* [Description of the task]: In your copy, each line below is repeated exactly and no image appears.

* [Exercise material]:
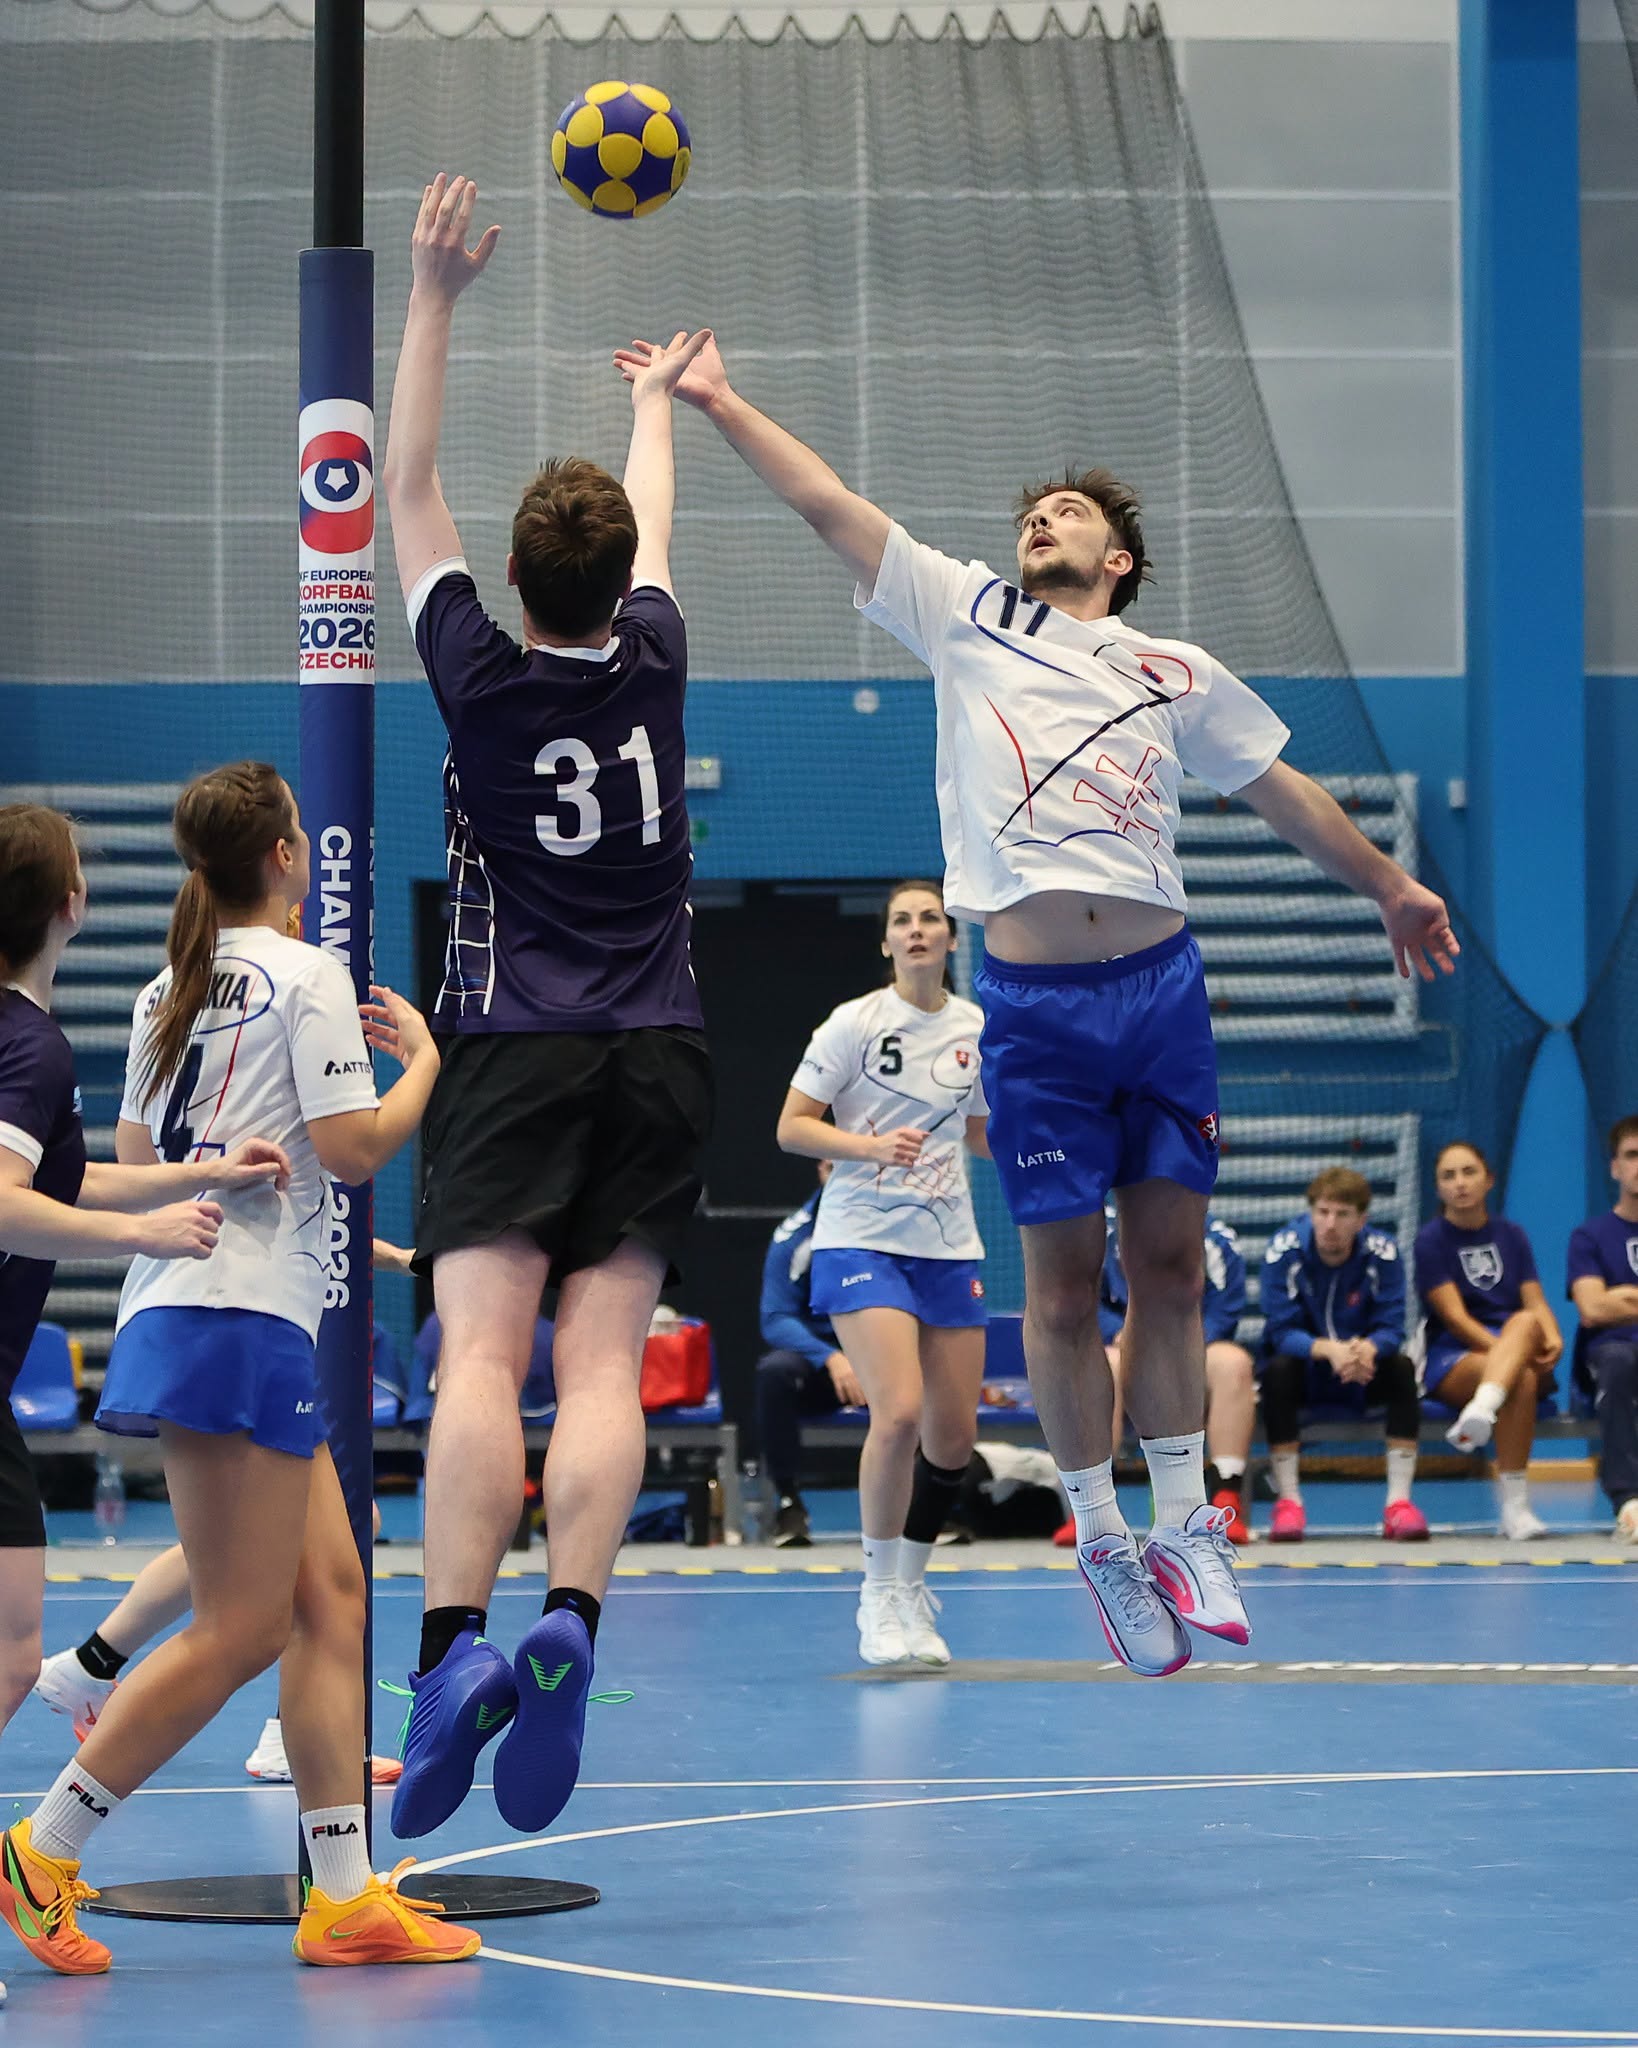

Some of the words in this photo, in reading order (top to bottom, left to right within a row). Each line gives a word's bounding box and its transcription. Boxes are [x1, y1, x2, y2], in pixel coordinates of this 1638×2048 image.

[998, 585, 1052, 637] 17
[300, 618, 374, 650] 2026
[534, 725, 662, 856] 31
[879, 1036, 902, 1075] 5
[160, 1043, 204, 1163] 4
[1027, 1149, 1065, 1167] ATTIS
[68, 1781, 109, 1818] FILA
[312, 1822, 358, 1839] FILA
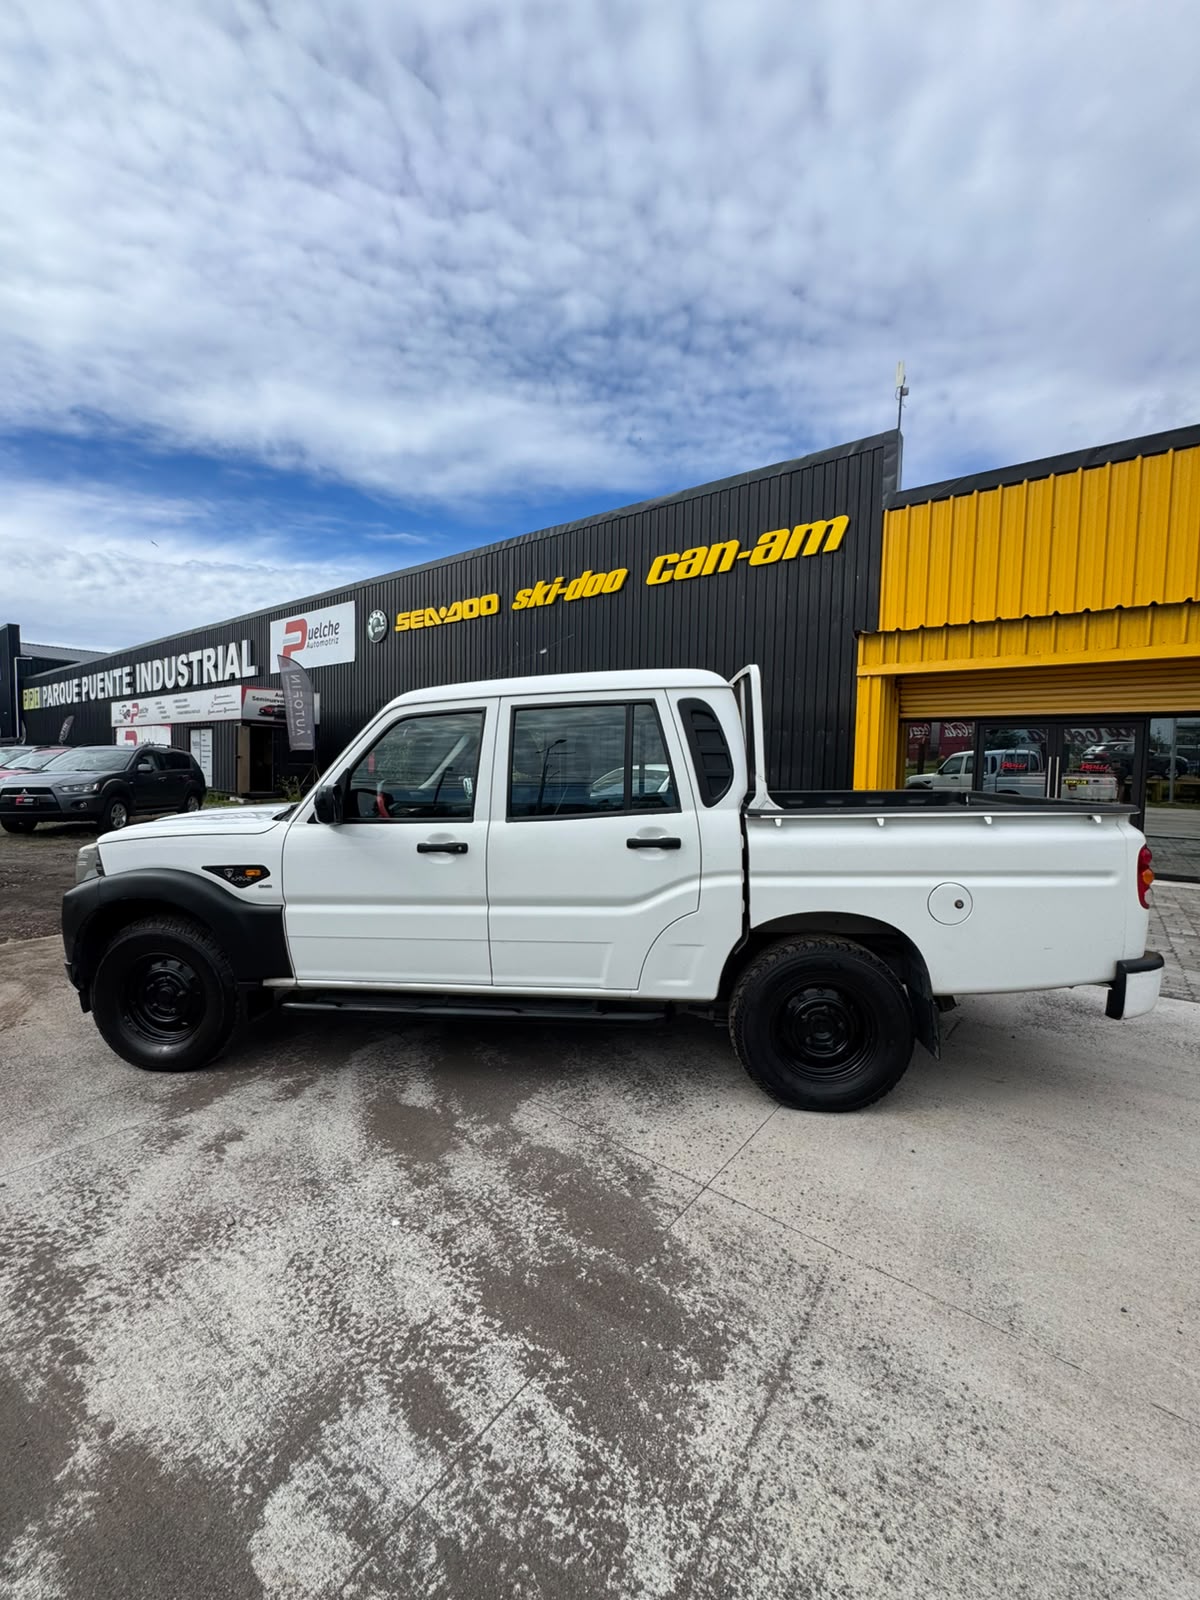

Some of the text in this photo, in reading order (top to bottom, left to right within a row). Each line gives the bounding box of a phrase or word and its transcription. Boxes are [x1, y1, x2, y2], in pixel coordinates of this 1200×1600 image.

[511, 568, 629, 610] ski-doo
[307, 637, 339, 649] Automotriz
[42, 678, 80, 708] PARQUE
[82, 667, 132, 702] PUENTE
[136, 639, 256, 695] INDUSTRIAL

* [Response for this exercise]:
Some of the words in this photo, in reading order (top to bottom, left to right within a row). Each line gives a word's bounding box and its transcription. Boxes are [x1, y1, x2, y2], in pixel coordinates of this 1638×2048 image.

[998, 585, 1052, 637] 17
[300, 618, 374, 650] 2026
[534, 725, 662, 856] 31
[879, 1036, 902, 1075] 5
[160, 1043, 204, 1163] 4
[1027, 1149, 1065, 1167] ATTIS
[68, 1781, 109, 1818] FILA
[312, 1822, 358, 1839] FILA

Some of the text in this photo, in reading order (top to bottom, left to right within a row). Each line gives the bounding box of a phrase or word and its transcription. Boxes are [x1, y1, x2, y2], in pixel coordinates of this 1200×1600 image.

[511, 568, 629, 610] ski-doo
[307, 637, 339, 649] Automotriz
[42, 678, 80, 708] PARQUE
[82, 667, 132, 702] PUENTE
[136, 639, 256, 695] INDUSTRIAL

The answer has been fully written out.